--- Input ---

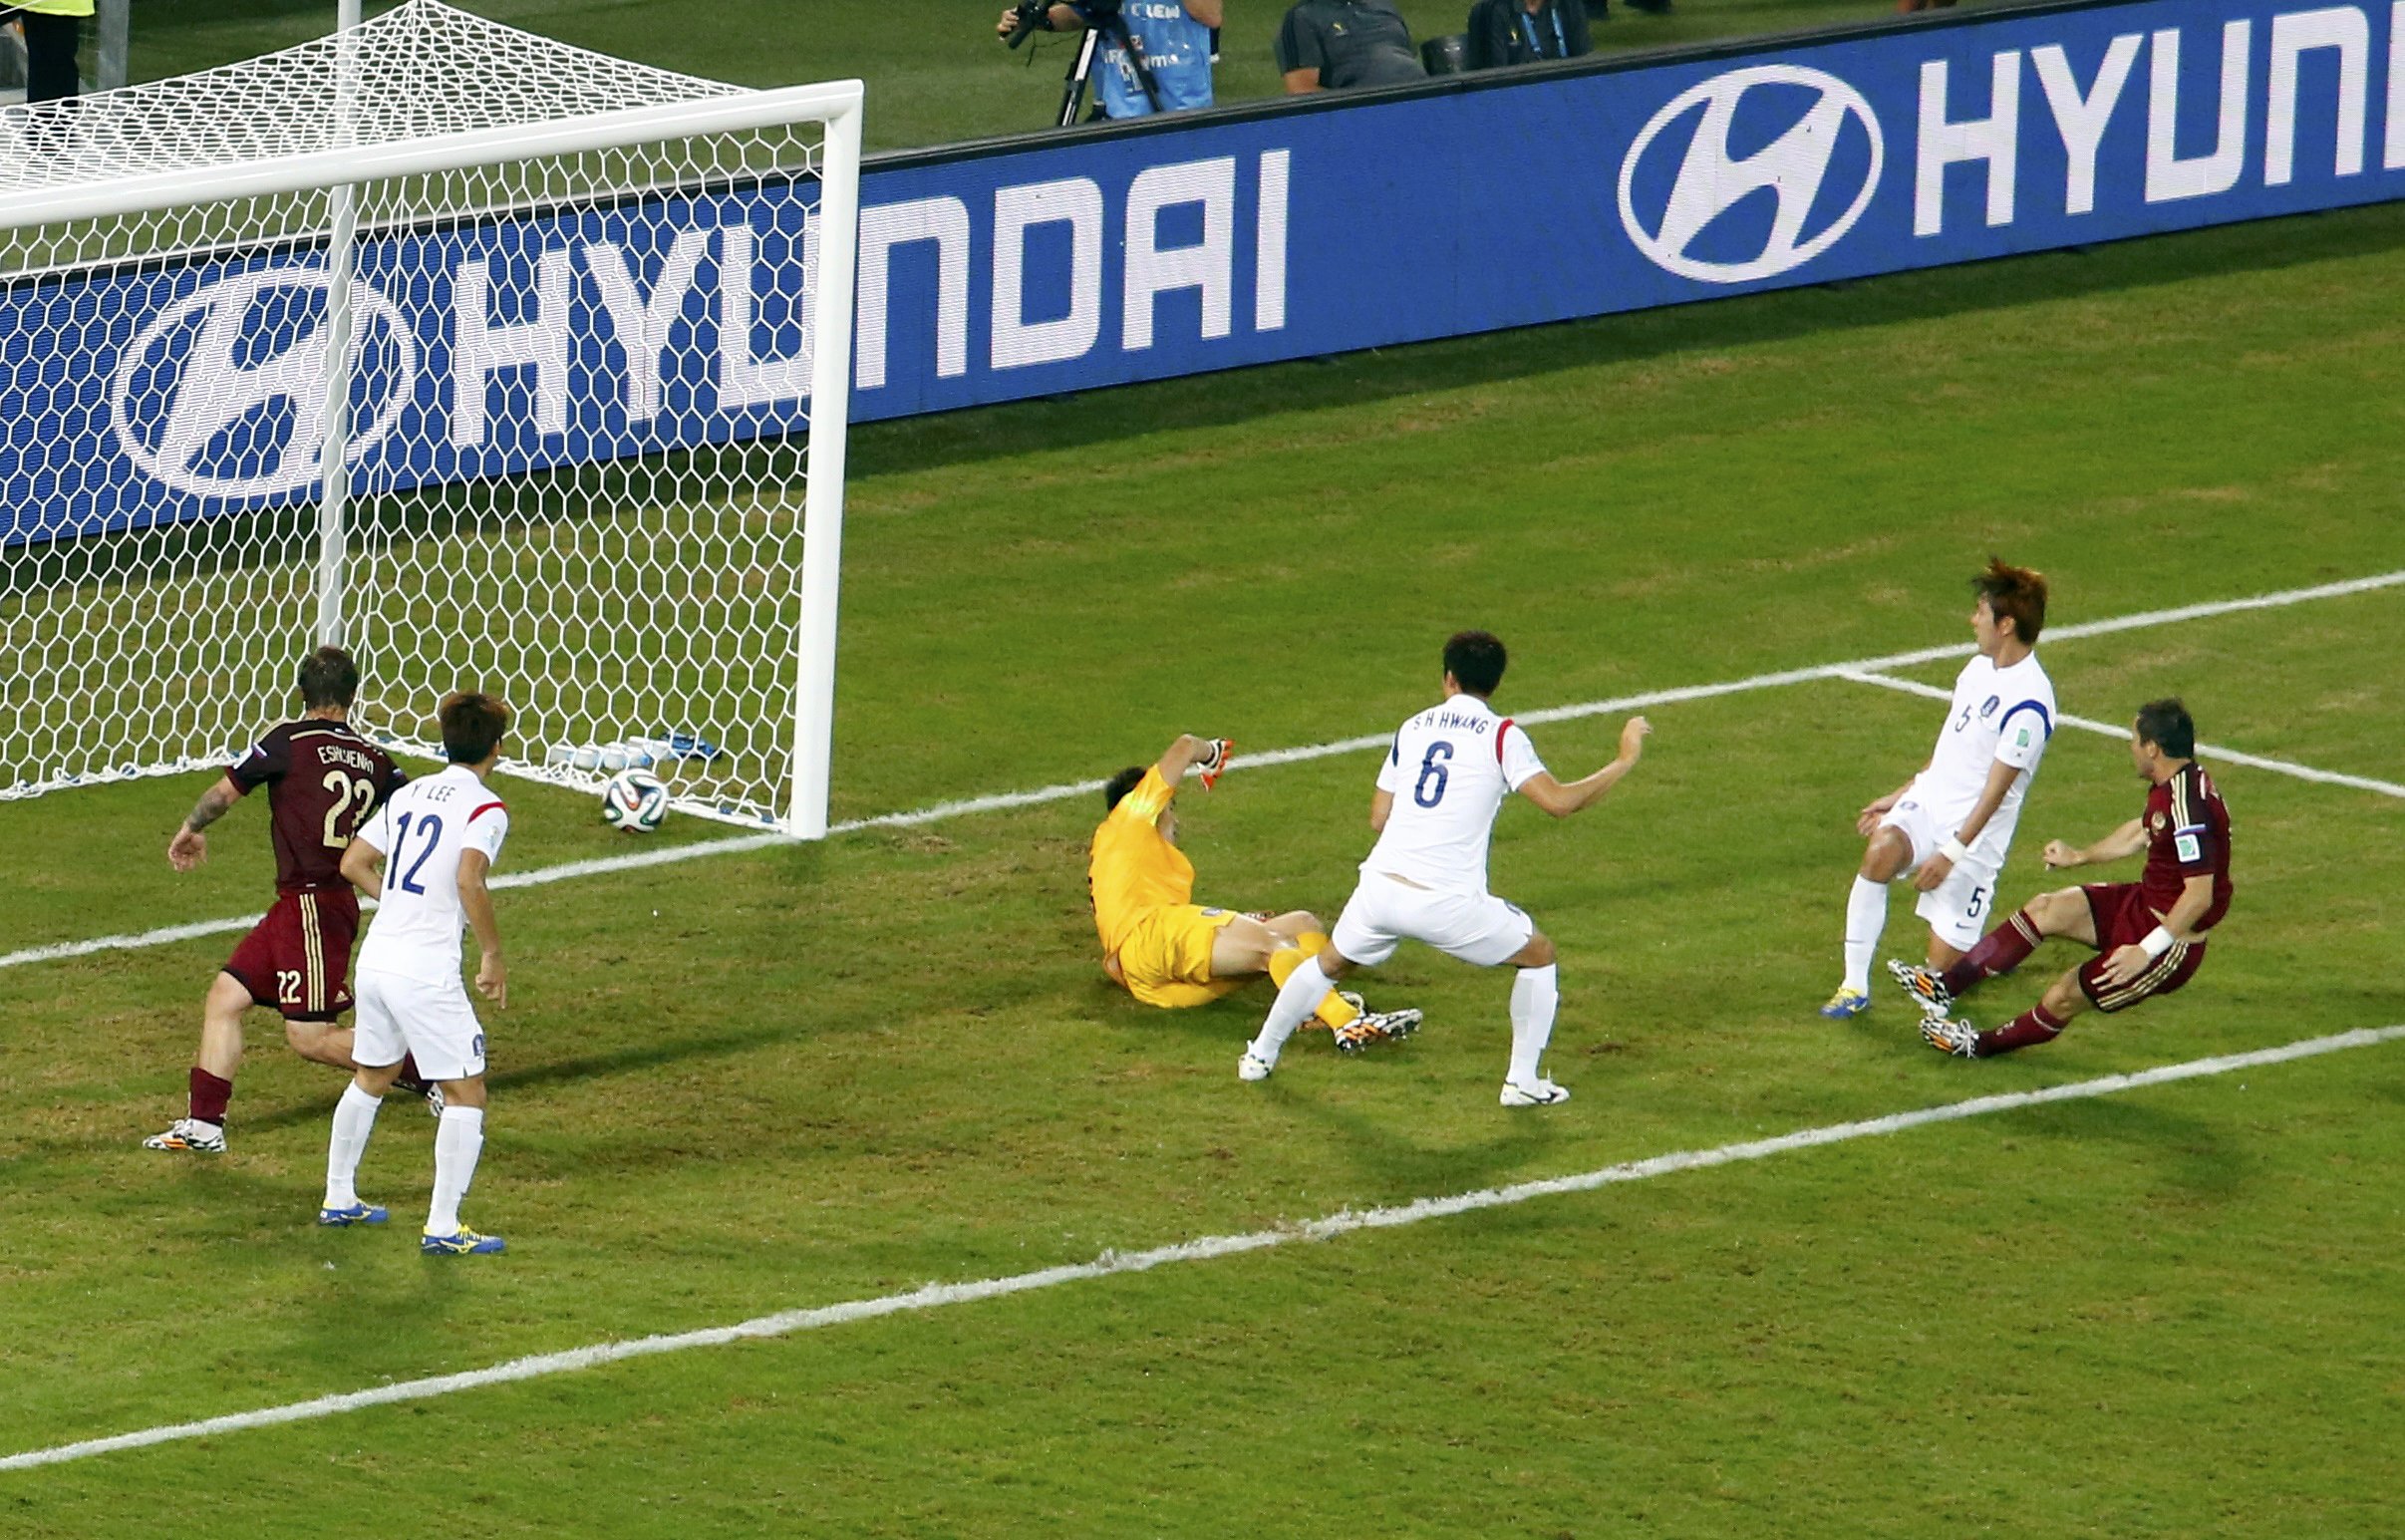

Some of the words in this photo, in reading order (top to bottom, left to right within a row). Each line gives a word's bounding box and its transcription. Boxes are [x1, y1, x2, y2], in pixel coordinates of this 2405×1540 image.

[1914, 6, 2405, 238] HYUN
[452, 150, 1290, 448] HYUNDAI
[1439, 713, 1489, 735] HWANG
[1954, 704, 1972, 733] 5
[427, 785, 455, 802] LEE
[1413, 741, 1454, 808] 6
[322, 770, 376, 849] 22
[387, 810, 444, 895] 12
[1966, 886, 1986, 918] 5
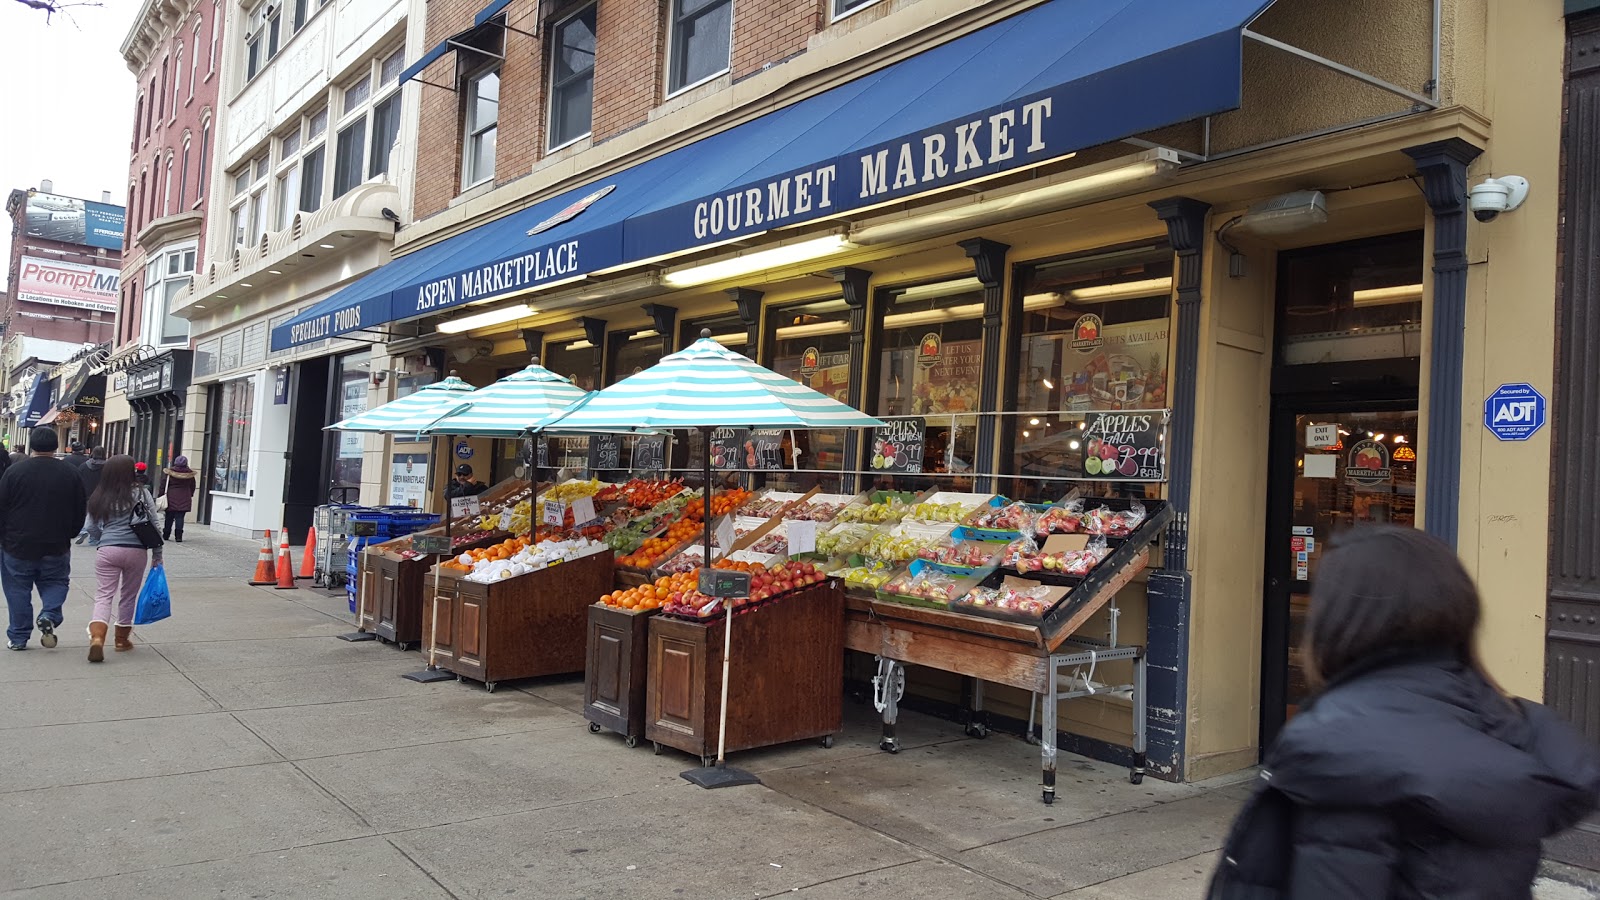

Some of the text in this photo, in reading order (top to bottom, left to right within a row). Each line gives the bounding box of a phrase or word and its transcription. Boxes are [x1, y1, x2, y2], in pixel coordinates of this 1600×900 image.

[694, 97, 1052, 239] GOURMET MARKET
[416, 240, 579, 310] ASPEN MARKETPLACE
[26, 295, 52, 303] Locations
[61, 299, 84, 307] Hoboken
[290, 305, 361, 344] SPECIALTY FOODS
[946, 345, 972, 354] LET US
[833, 354, 849, 364] CAR
[935, 368, 955, 376] NEXT
[1494, 402, 1535, 422] ADT
[1094, 415, 1152, 433] APPLES
[1357, 442, 1383, 452] ASPEN
[1140, 468, 1161, 479] BAG
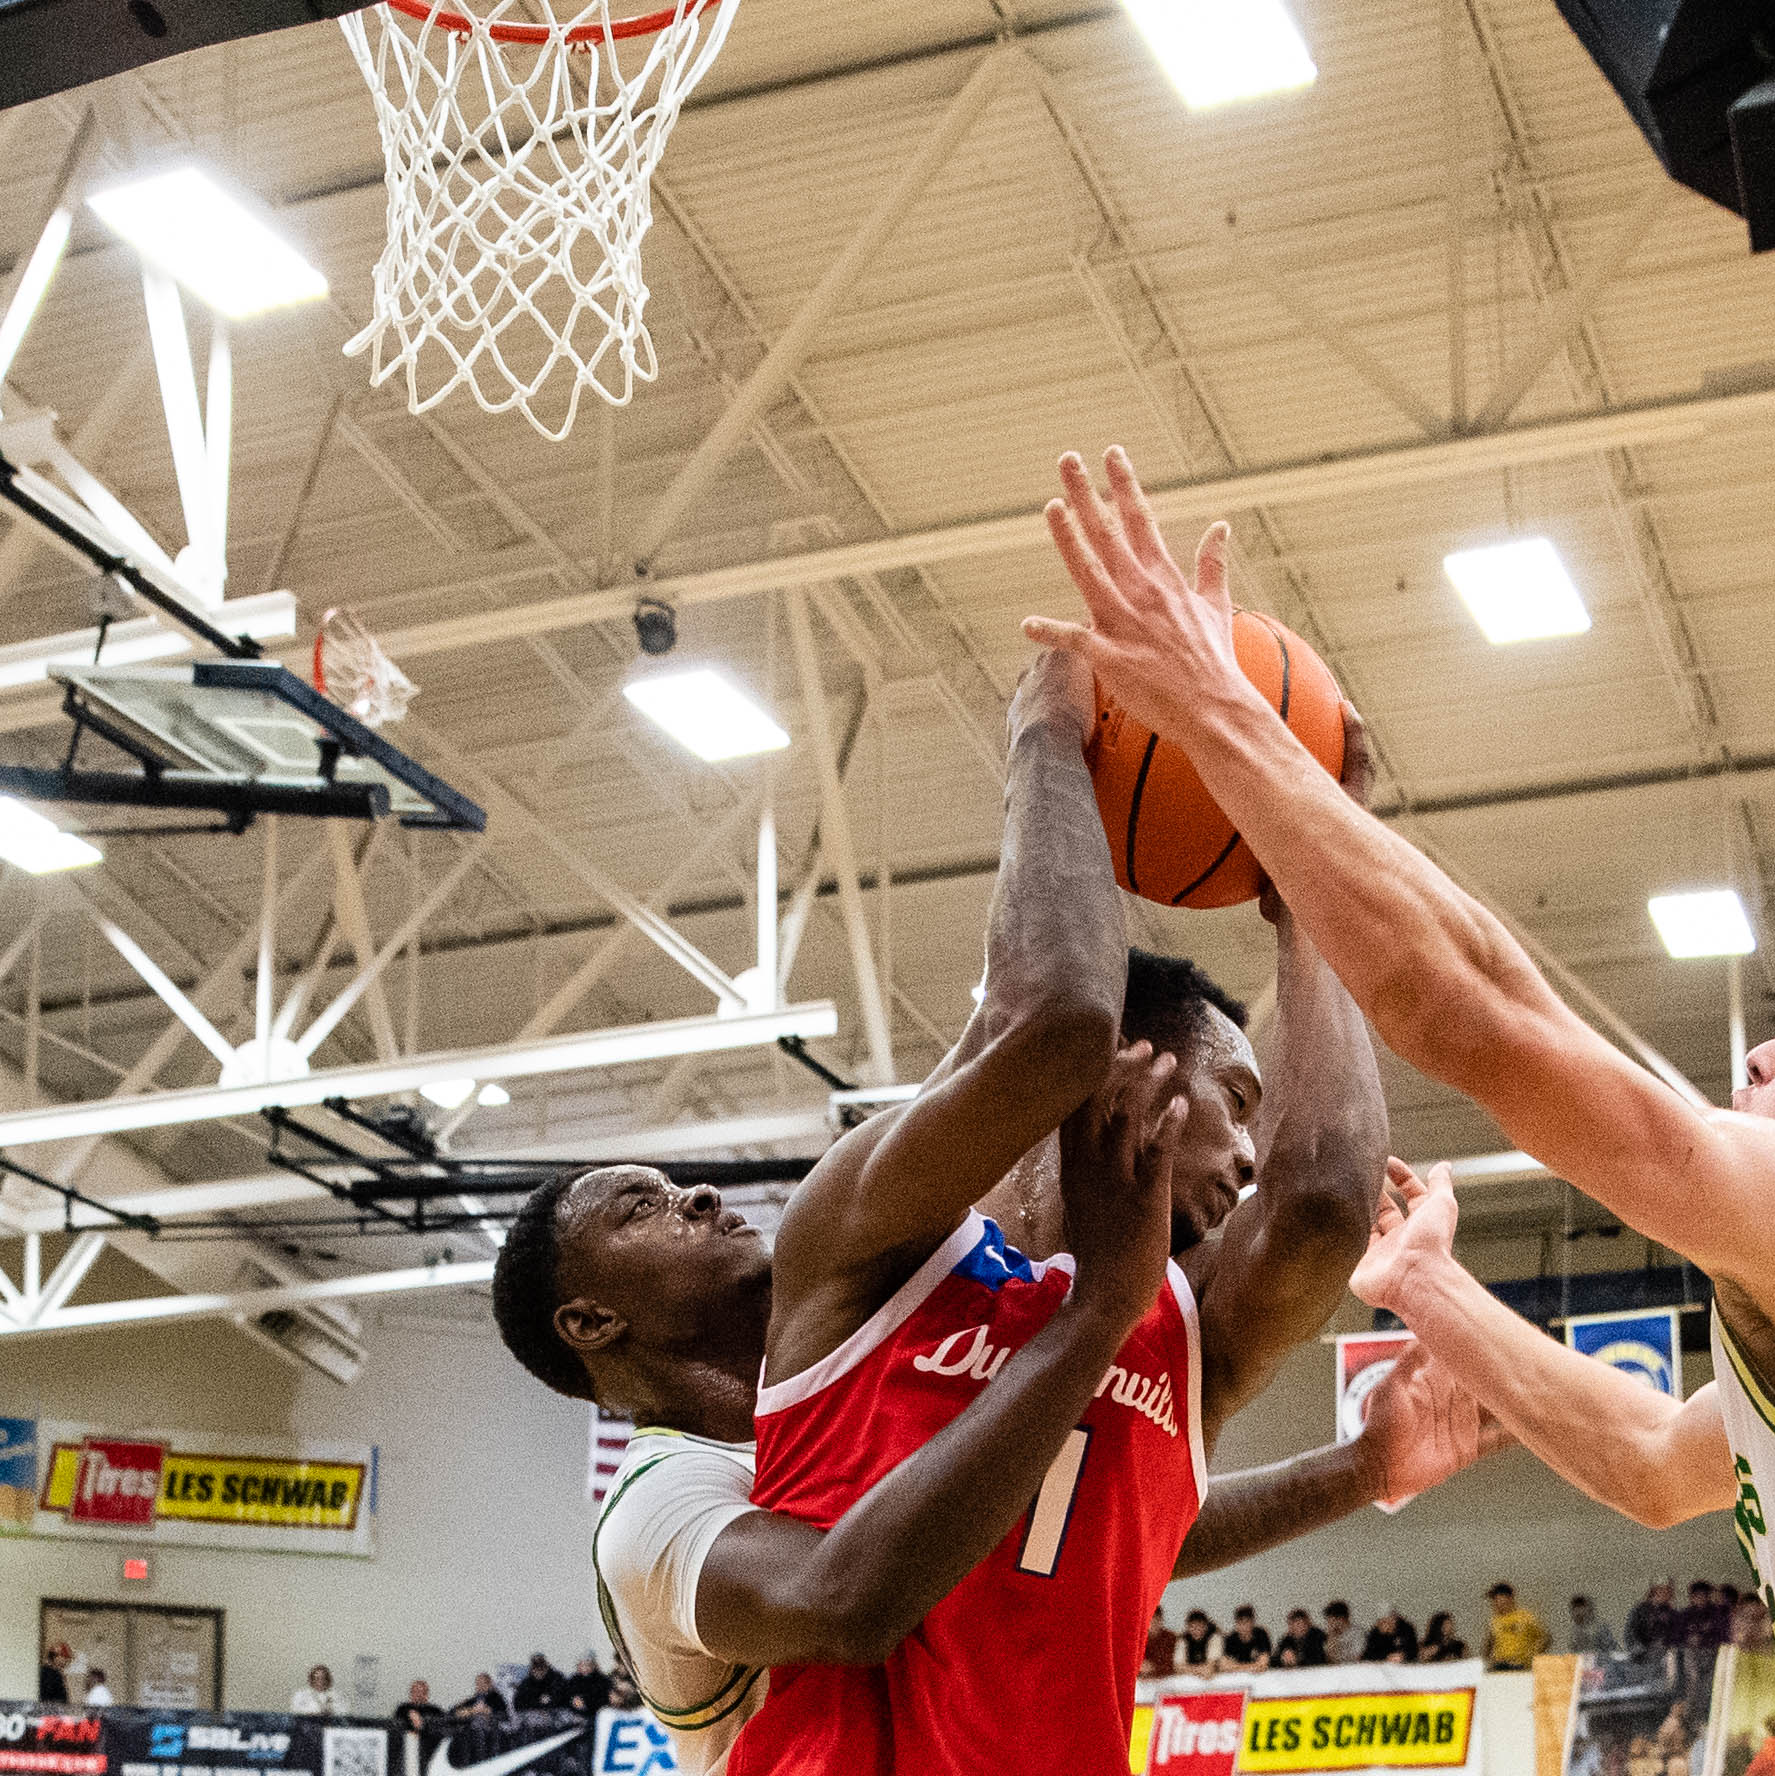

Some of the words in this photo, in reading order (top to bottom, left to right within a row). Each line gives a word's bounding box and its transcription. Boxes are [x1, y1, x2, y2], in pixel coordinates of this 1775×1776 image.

[78, 1451, 156, 1500] Tires
[165, 1471, 215, 1501] LES
[221, 1473, 350, 1510] SCHWAB
[1016, 1424, 1092, 1578] 1
[36, 1714, 102, 1742] FAN
[1154, 1705, 1240, 1765] Tires
[1249, 1717, 1301, 1752] LES
[1311, 1709, 1456, 1750] SCHWAB

---

▶ [Work request]
Reproduce every record above exactly as given, excluding pictures from the result.

▶ [Written response]
Some of the words in this photo, in reading order (top to bottom, left to right within a row). Each line gives a word's bounding box and its transcription. Boxes are [x1, y1, x2, y2], in pixel coordinates of this 2405×1540 image.

[1914, 6, 2405, 238] HYUN
[452, 150, 1290, 448] HYUNDAI
[1439, 713, 1489, 735] HWANG
[1954, 704, 1972, 733] 5
[427, 785, 455, 802] LEE
[1413, 741, 1454, 808] 6
[322, 770, 376, 849] 22
[387, 810, 444, 895] 12
[1966, 886, 1986, 918] 5

Some of the text in this photo, in reading order (top to bottom, left to right within a row). Each line gives the bounding box of a phrase or word and its transcription. Boxes are [x1, y1, x2, y2], in pixel coordinates of this 1600×900 image.

[694, 97, 1052, 239] GOURMET MARKET
[416, 240, 579, 310] ASPEN MARKETPLACE
[26, 295, 52, 303] Locations
[61, 299, 84, 307] Hoboken
[290, 305, 361, 344] SPECIALTY FOODS
[946, 345, 972, 354] LET US
[833, 354, 849, 364] CAR
[935, 368, 955, 376] NEXT
[1494, 402, 1535, 422] ADT
[1094, 415, 1152, 433] APPLES
[1357, 442, 1383, 452] ASPEN
[1140, 468, 1161, 479] BAG

Some of the words in this photo, in reading order (top to bottom, left to right within a row). Each line gives a word's bounding box and its transcription. Boxes are [x1, y1, x2, y2], in pixel coordinates of this 1775×1776 image.

[78, 1451, 156, 1500] Tires
[165, 1471, 215, 1501] LES
[221, 1473, 350, 1510] SCHWAB
[1016, 1424, 1092, 1578] 1
[36, 1714, 102, 1742] FAN
[1154, 1705, 1240, 1765] Tires
[1249, 1717, 1301, 1752] LES
[1311, 1709, 1456, 1750] SCHWAB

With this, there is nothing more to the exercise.